- Instructions for the task: The entries below are to be given back exactly, with images excluded.

- The records:
════════════════════

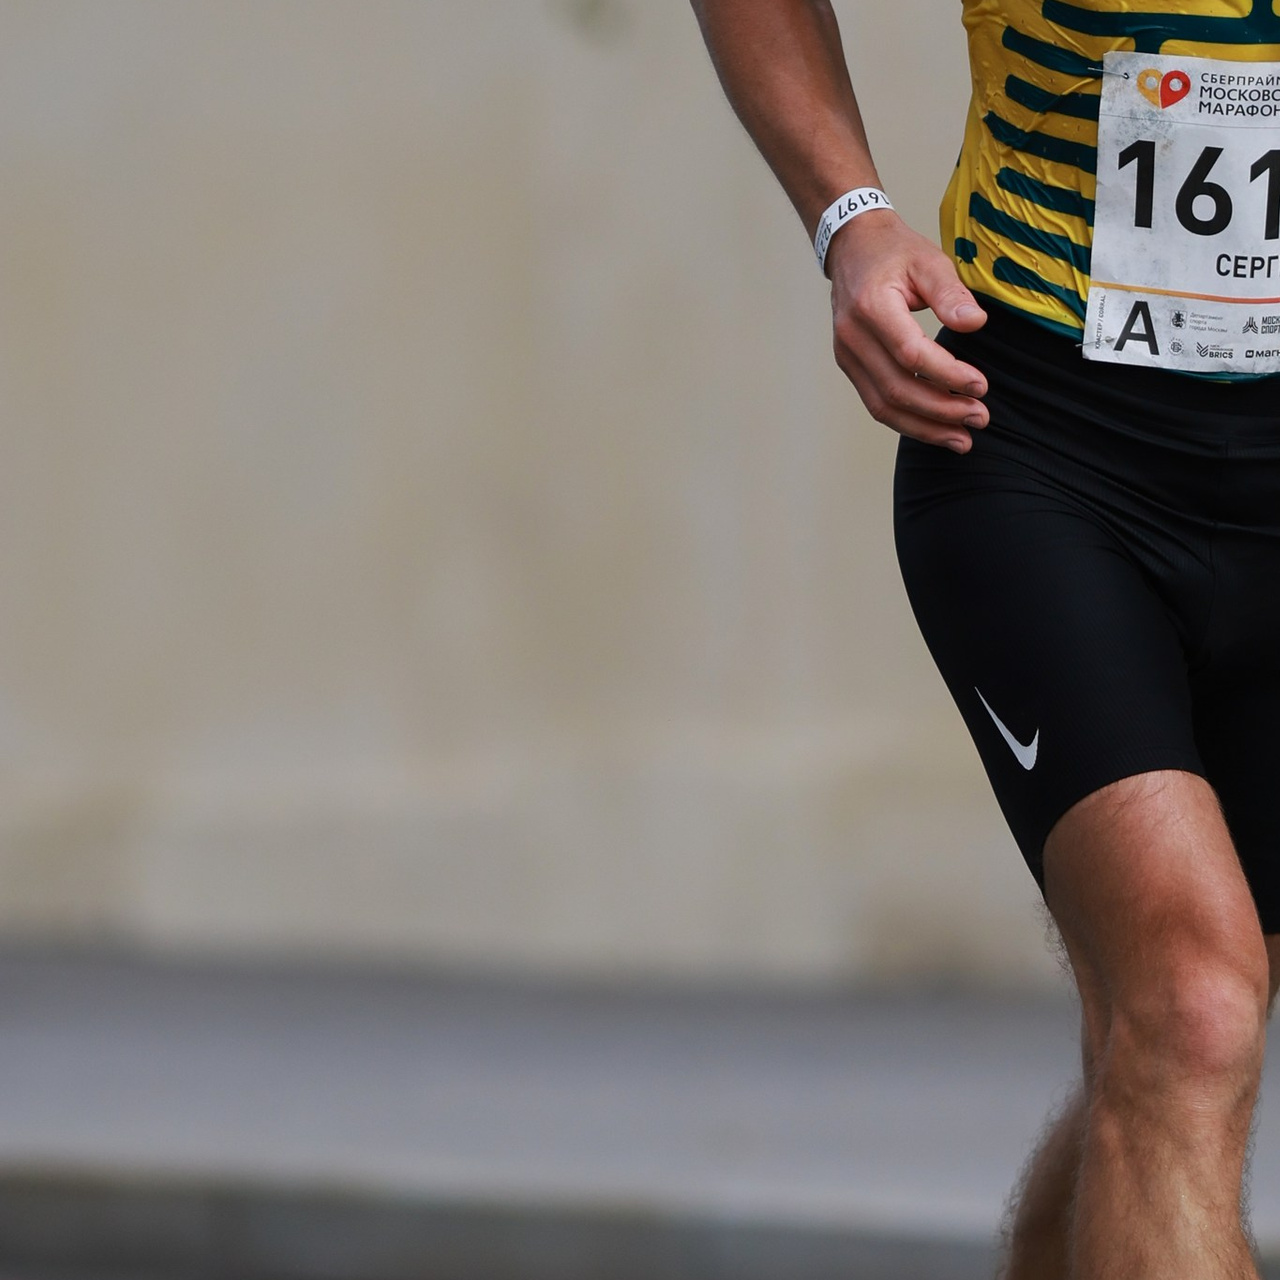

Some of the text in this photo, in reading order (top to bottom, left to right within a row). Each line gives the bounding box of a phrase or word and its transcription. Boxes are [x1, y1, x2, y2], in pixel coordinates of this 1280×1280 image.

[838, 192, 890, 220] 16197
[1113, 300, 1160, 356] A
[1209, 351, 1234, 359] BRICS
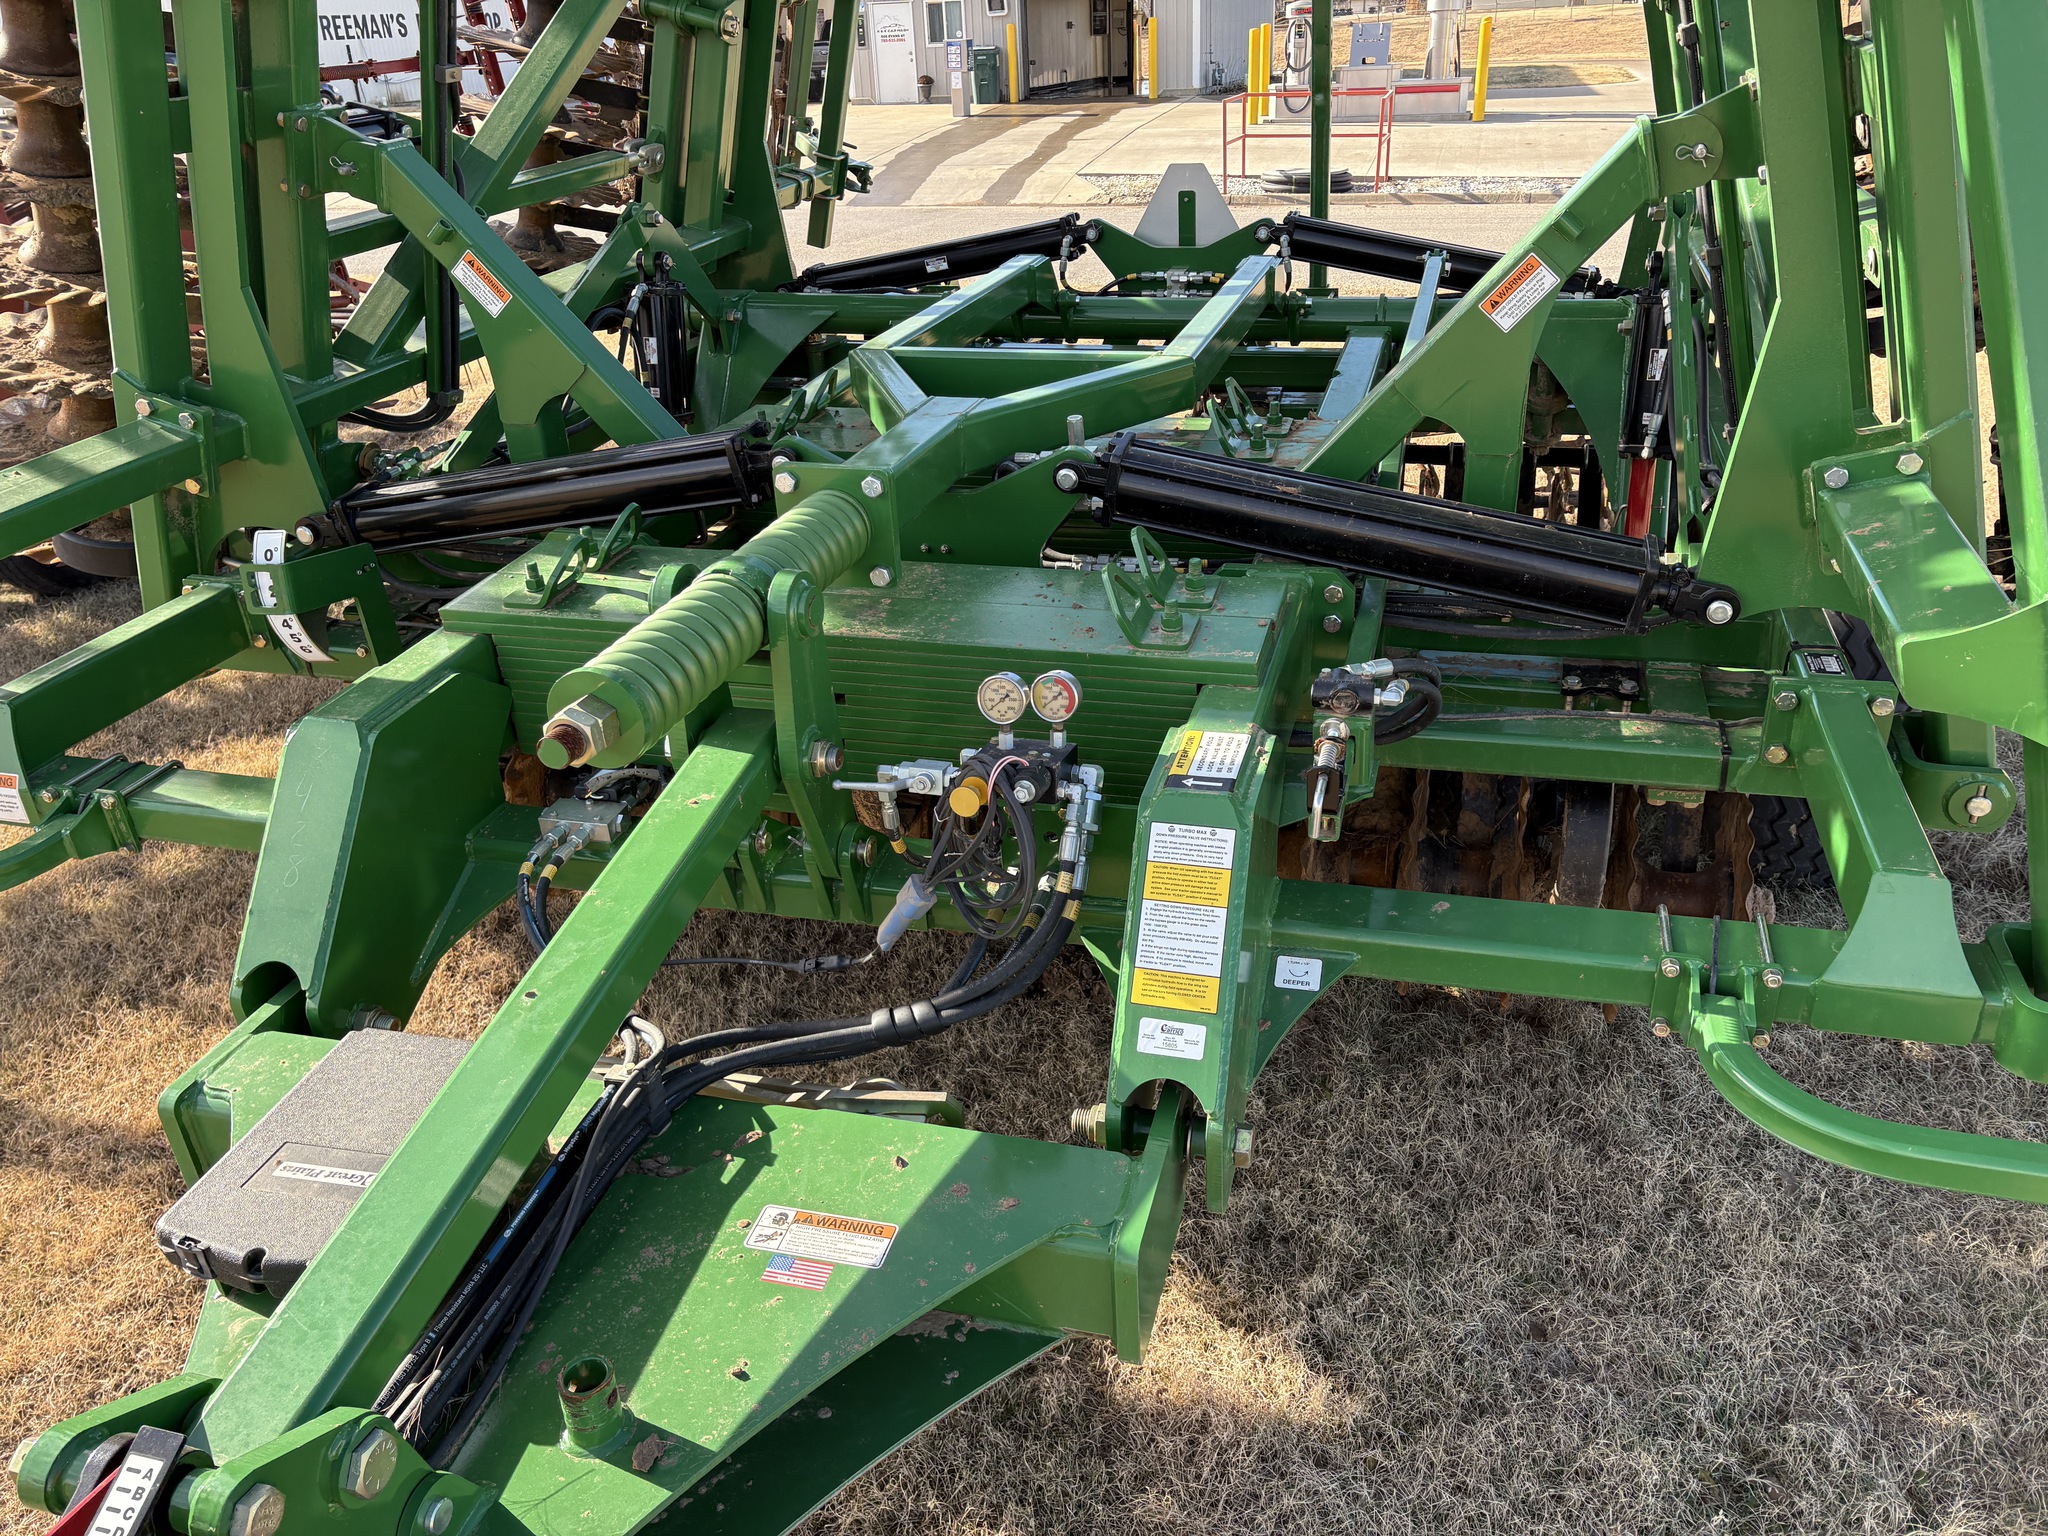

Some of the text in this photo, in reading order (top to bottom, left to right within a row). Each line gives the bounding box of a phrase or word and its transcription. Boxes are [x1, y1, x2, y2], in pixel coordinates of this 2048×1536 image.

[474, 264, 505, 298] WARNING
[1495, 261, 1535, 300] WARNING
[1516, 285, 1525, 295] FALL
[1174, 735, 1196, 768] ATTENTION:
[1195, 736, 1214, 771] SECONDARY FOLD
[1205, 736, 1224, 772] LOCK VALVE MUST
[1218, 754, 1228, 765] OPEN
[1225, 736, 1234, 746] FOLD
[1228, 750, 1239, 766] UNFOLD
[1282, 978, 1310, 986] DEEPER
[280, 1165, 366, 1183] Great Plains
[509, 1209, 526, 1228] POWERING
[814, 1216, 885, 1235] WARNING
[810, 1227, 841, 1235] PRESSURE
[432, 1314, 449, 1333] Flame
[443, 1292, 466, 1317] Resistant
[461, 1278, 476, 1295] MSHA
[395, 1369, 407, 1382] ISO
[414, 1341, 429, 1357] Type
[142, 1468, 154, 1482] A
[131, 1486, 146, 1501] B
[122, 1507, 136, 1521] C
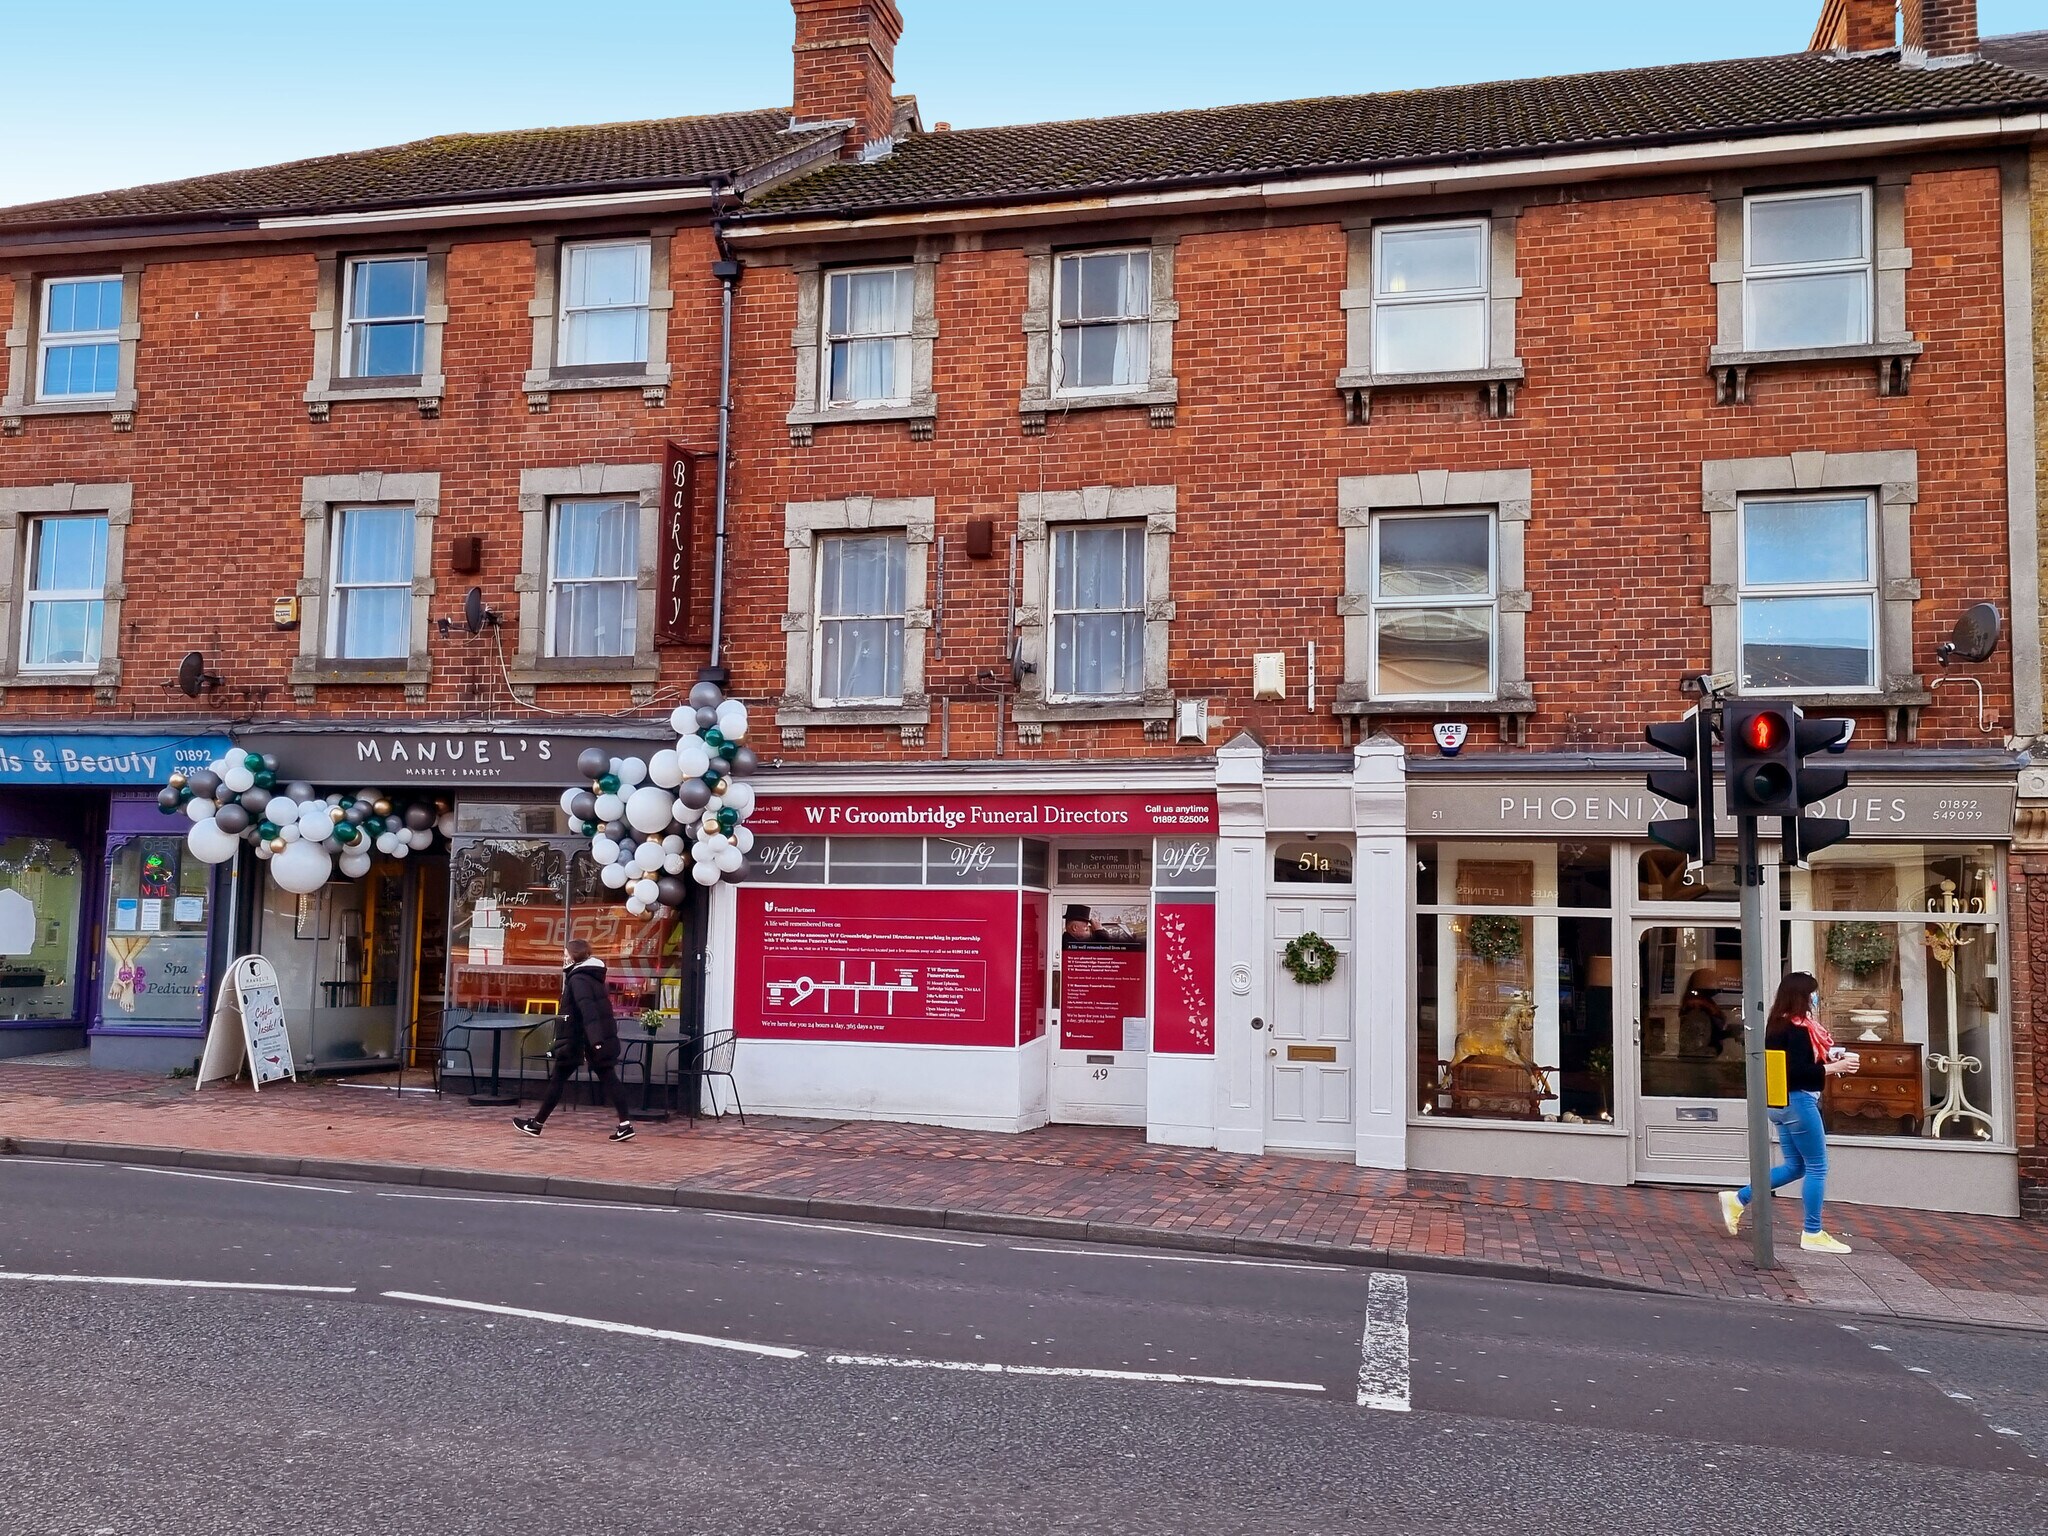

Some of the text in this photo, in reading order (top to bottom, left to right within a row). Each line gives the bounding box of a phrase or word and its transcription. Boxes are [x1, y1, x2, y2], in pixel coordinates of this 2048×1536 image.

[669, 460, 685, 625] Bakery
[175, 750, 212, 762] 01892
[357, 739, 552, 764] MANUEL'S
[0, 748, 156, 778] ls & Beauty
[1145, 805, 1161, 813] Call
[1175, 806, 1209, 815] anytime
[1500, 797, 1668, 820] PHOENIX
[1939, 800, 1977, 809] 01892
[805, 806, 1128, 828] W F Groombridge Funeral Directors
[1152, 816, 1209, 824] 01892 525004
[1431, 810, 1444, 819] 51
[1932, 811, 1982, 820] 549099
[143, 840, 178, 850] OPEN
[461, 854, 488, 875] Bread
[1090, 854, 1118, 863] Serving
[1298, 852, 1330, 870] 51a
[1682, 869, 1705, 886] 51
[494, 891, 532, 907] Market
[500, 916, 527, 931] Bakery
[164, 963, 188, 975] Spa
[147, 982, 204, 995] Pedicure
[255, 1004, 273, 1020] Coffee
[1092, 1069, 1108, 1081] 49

════════════════════

- Exercise result:
Some of the text in this photo, in reading order (top to bottom, left to right within a row). Each line gives the bounding box of a phrase or word and its transcription. Boxes are [x1, y1, x2, y2], in pixel coordinates of this 1280×1280 image.

[838, 192, 890, 220] 16197
[1113, 300, 1160, 356] A
[1209, 351, 1234, 359] BRICS

Some of the text in this photo, in reading order (top to bottom, left to right within a row). Each line gives the bounding box of a phrase or word and its transcription. Boxes are [x1, y1, x2, y2], in pixel coordinates of this 2048×1536 image.

[474, 264, 505, 298] WARNING
[1495, 261, 1535, 300] WARNING
[1516, 285, 1525, 295] FALL
[1174, 735, 1196, 768] ATTENTION:
[1195, 736, 1214, 771] SECONDARY FOLD
[1205, 736, 1224, 772] LOCK VALVE MUST
[1218, 754, 1228, 765] OPEN
[1225, 736, 1234, 746] FOLD
[1228, 750, 1239, 766] UNFOLD
[1282, 978, 1310, 986] DEEPER
[280, 1165, 366, 1183] Great Plains
[509, 1209, 526, 1228] POWERING
[814, 1216, 885, 1235] WARNING
[810, 1227, 841, 1235] PRESSURE
[432, 1314, 449, 1333] Flame
[443, 1292, 466, 1317] Resistant
[461, 1278, 476, 1295] MSHA
[395, 1369, 407, 1382] ISO
[414, 1341, 429, 1357] Type
[142, 1468, 154, 1482] A
[131, 1486, 146, 1501] B
[122, 1507, 136, 1521] C

Some of the text in this photo, in reading order (top to bottom, left to right within a row). Each line gives the bounding box of a phrase or word and its transcription. Boxes are [x1, y1, x2, y2], in pixel coordinates of this 2048×1536 image.

[669, 460, 685, 625] Bakery
[175, 750, 212, 762] 01892
[357, 739, 552, 764] MANUEL'S
[0, 748, 156, 778] ls & Beauty
[1145, 805, 1161, 813] Call
[1175, 806, 1209, 815] anytime
[1500, 797, 1668, 820] PHOENIX
[1939, 800, 1977, 809] 01892
[805, 806, 1128, 828] W F Groombridge Funeral Directors
[1152, 816, 1209, 824] 01892 525004
[1431, 810, 1444, 819] 51
[1932, 811, 1982, 820] 549099
[143, 840, 178, 850] OPEN
[461, 854, 488, 875] Bread
[1090, 854, 1118, 863] Serving
[1298, 852, 1330, 870] 51a
[1682, 869, 1705, 886] 51
[494, 891, 532, 907] Market
[500, 916, 527, 931] Bakery
[164, 963, 188, 975] Spa
[147, 982, 204, 995] Pedicure
[255, 1004, 273, 1020] Coffee
[1092, 1069, 1108, 1081] 49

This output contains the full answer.